**What is expected**
The answer is the line that contains "Some of the text" followed by every later line of the entries below, each repeated exactly, and nothing else.

[Text-to-region grounding data]
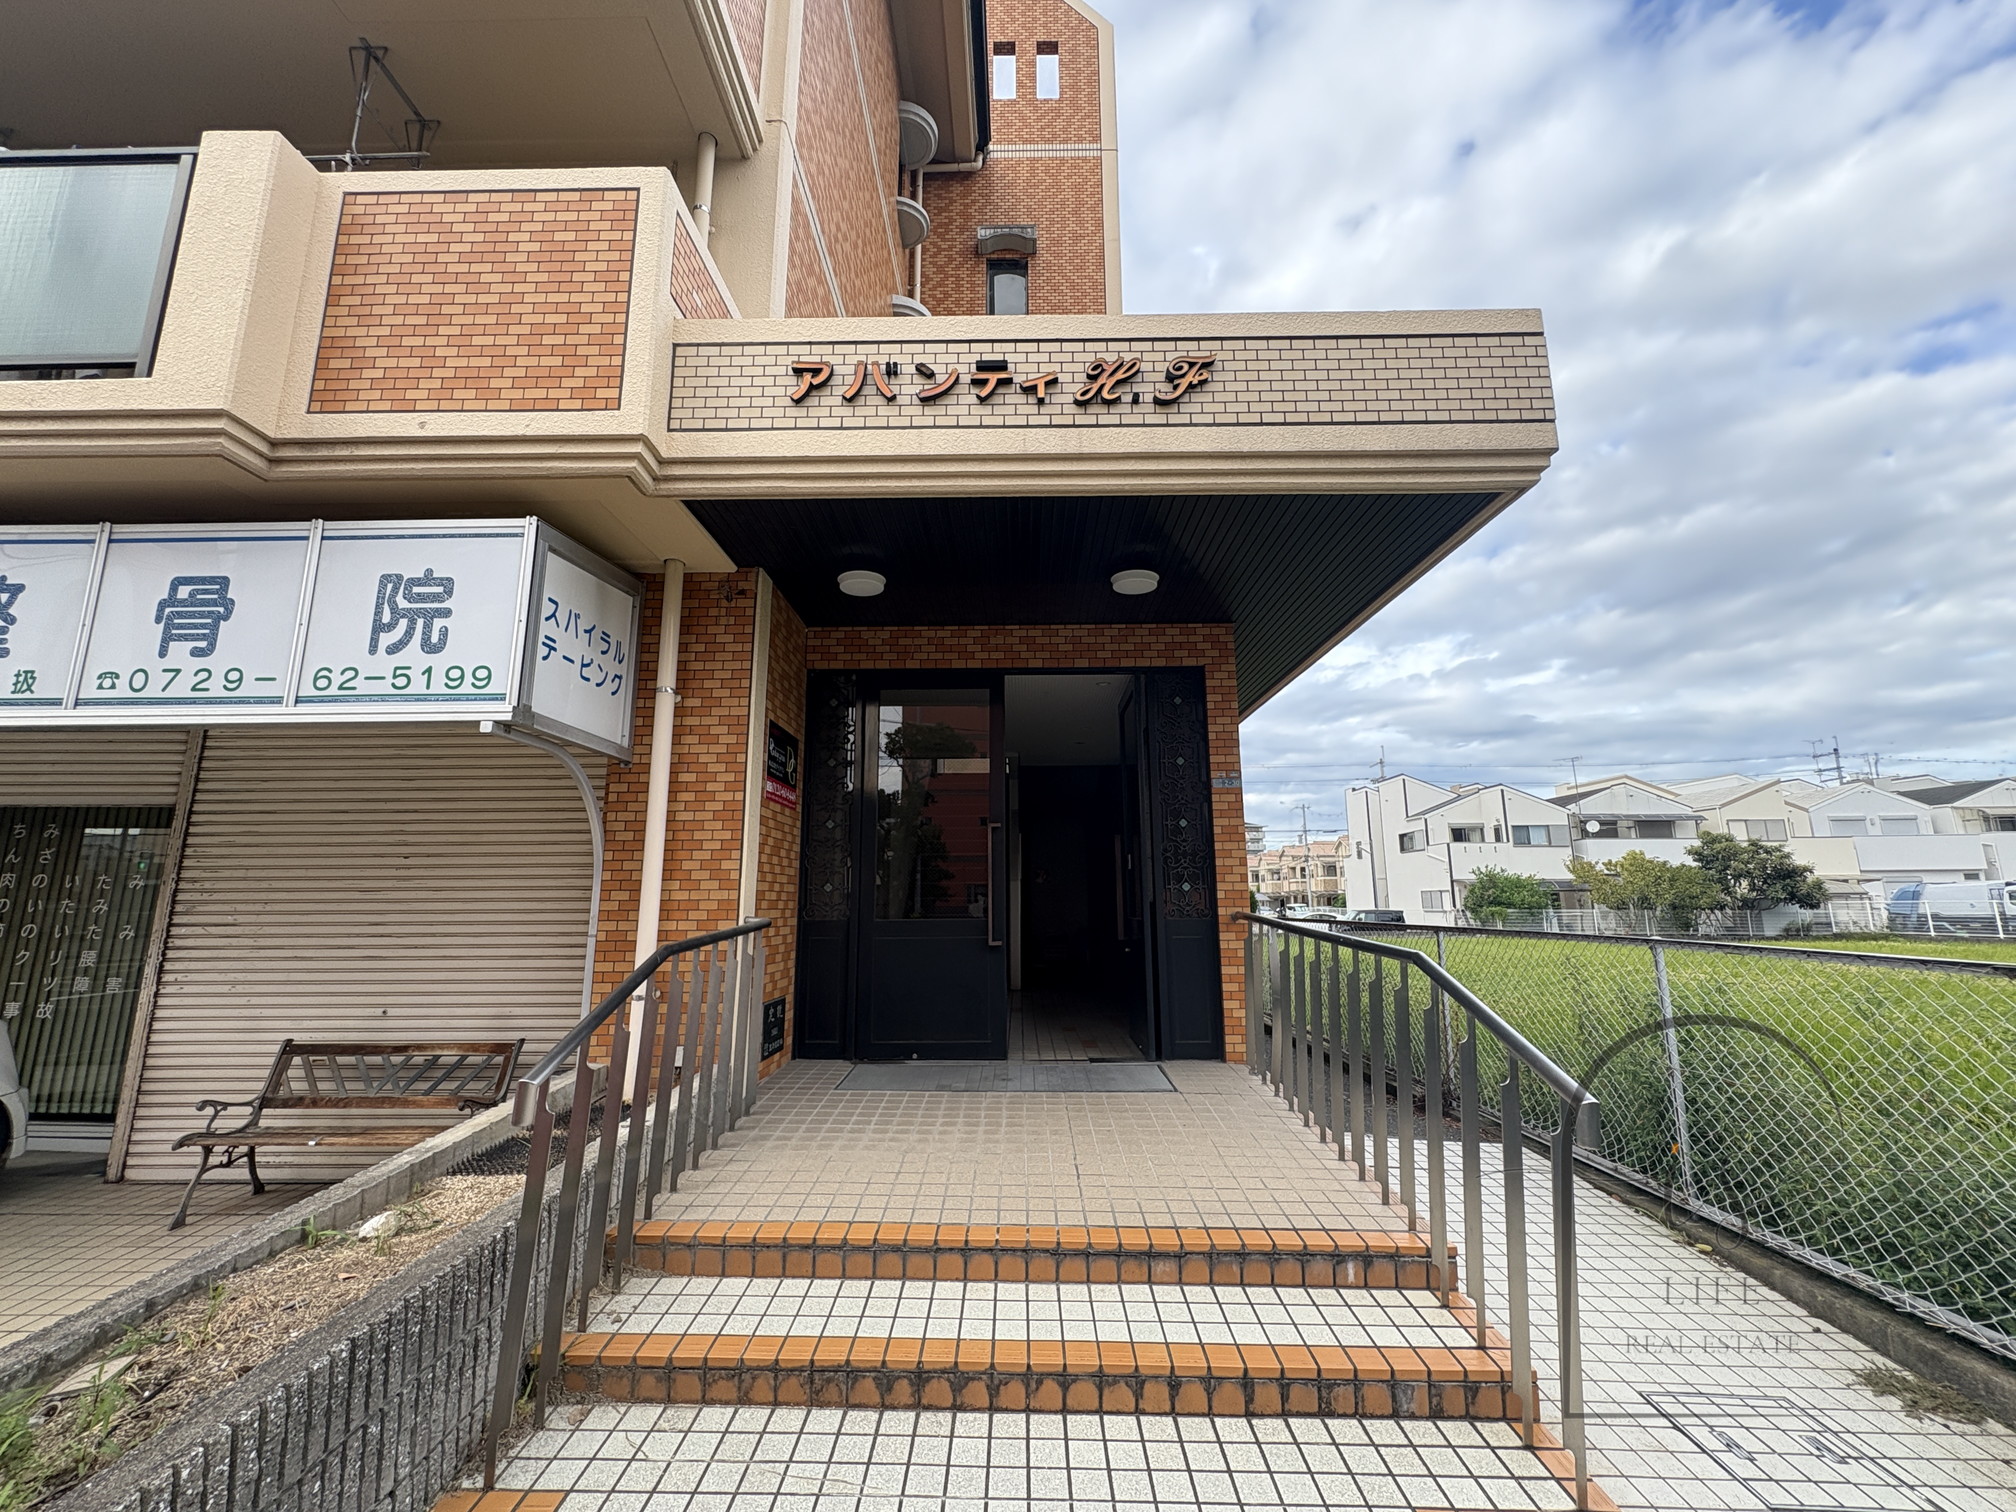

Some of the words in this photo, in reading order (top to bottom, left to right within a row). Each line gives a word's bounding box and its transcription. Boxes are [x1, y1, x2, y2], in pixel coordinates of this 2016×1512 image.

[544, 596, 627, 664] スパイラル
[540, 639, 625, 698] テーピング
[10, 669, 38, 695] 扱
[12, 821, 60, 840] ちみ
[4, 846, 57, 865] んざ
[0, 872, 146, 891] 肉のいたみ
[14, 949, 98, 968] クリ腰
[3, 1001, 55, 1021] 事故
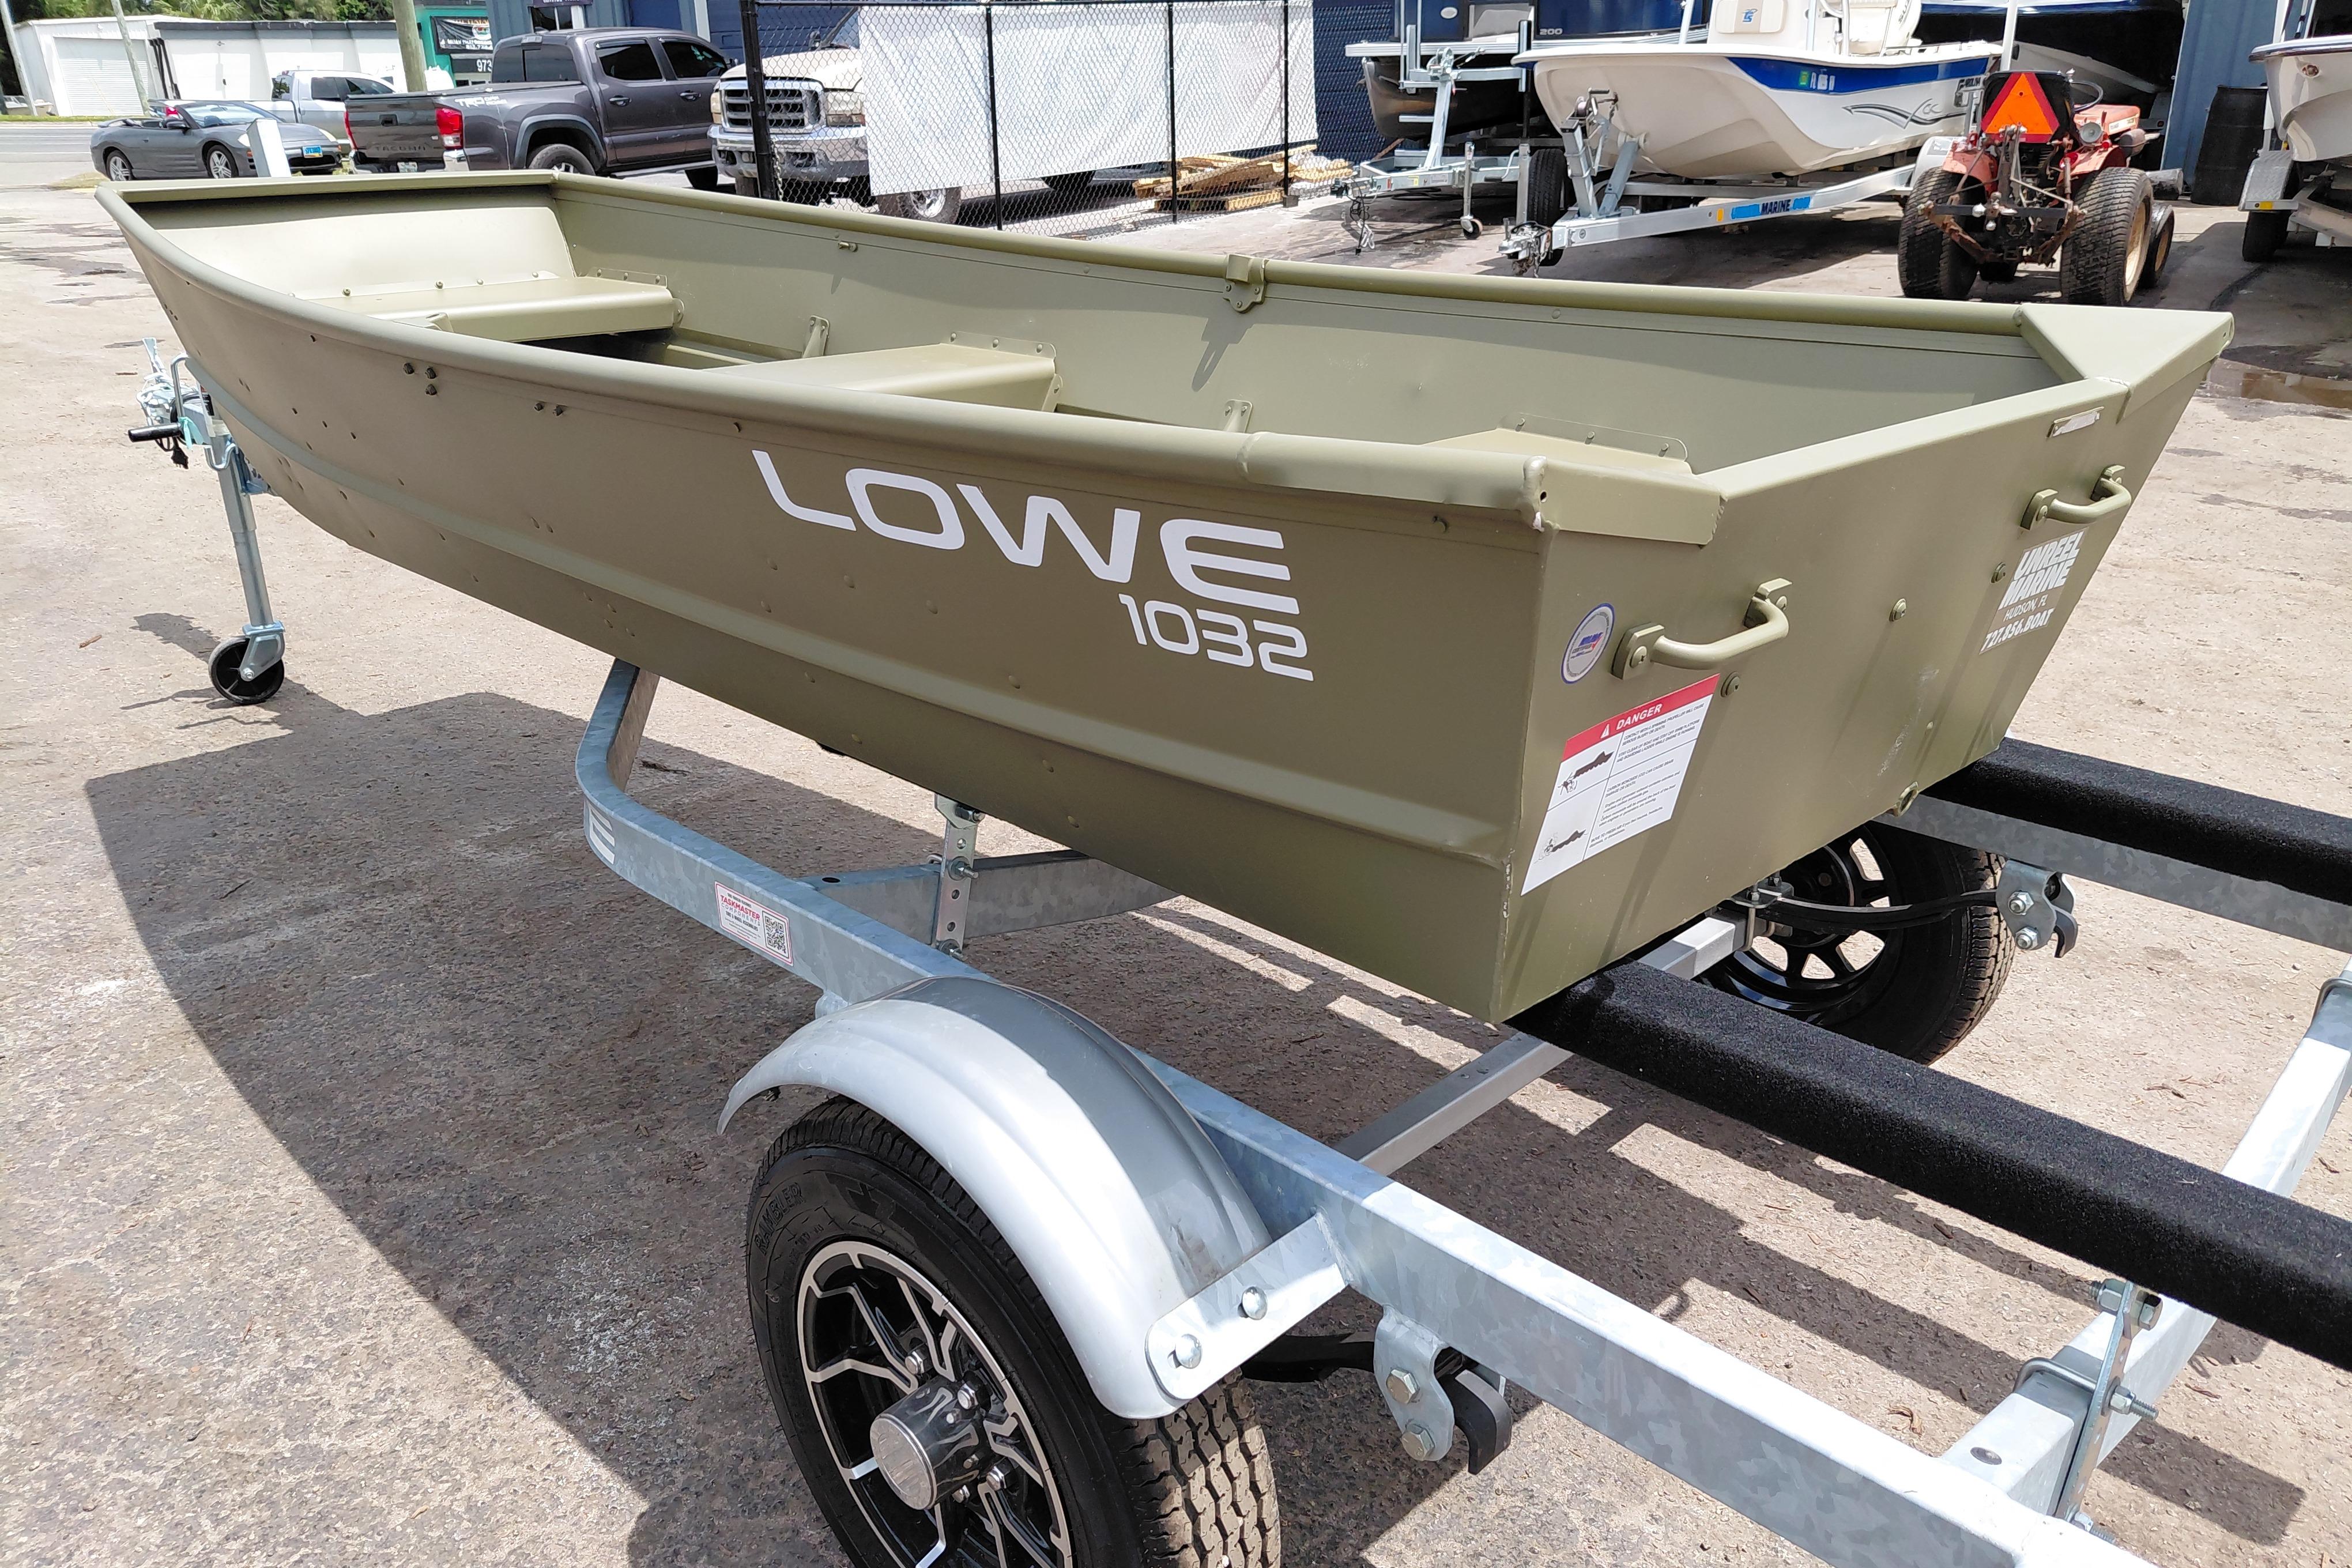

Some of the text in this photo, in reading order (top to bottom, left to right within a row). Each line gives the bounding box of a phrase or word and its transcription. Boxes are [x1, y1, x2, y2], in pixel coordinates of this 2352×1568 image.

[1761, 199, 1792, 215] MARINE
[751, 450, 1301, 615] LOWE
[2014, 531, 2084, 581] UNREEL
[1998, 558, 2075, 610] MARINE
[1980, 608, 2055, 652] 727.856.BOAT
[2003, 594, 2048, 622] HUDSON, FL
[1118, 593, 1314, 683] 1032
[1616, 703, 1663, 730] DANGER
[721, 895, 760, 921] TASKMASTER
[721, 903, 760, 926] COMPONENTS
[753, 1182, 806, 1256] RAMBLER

**Task result**
Some of the text in this photo, in reading order (top to bottom, left to right within a row). Each line gives the bounding box of a phrase or word and its transcription. Boxes are [x1, y1, x2, y2], in pixel coordinates of this 2352×1568 image.

[1761, 199, 1792, 215] MARINE
[751, 450, 1301, 615] LOWE
[2014, 531, 2084, 581] UNREEL
[1998, 558, 2075, 610] MARINE
[1980, 608, 2055, 652] 727.856.BOAT
[2003, 594, 2048, 622] HUDSON, FL
[1118, 593, 1314, 683] 1032
[1616, 703, 1663, 730] DANGER
[721, 895, 760, 921] TASKMASTER
[721, 903, 760, 926] COMPONENTS
[753, 1182, 806, 1256] RAMBLER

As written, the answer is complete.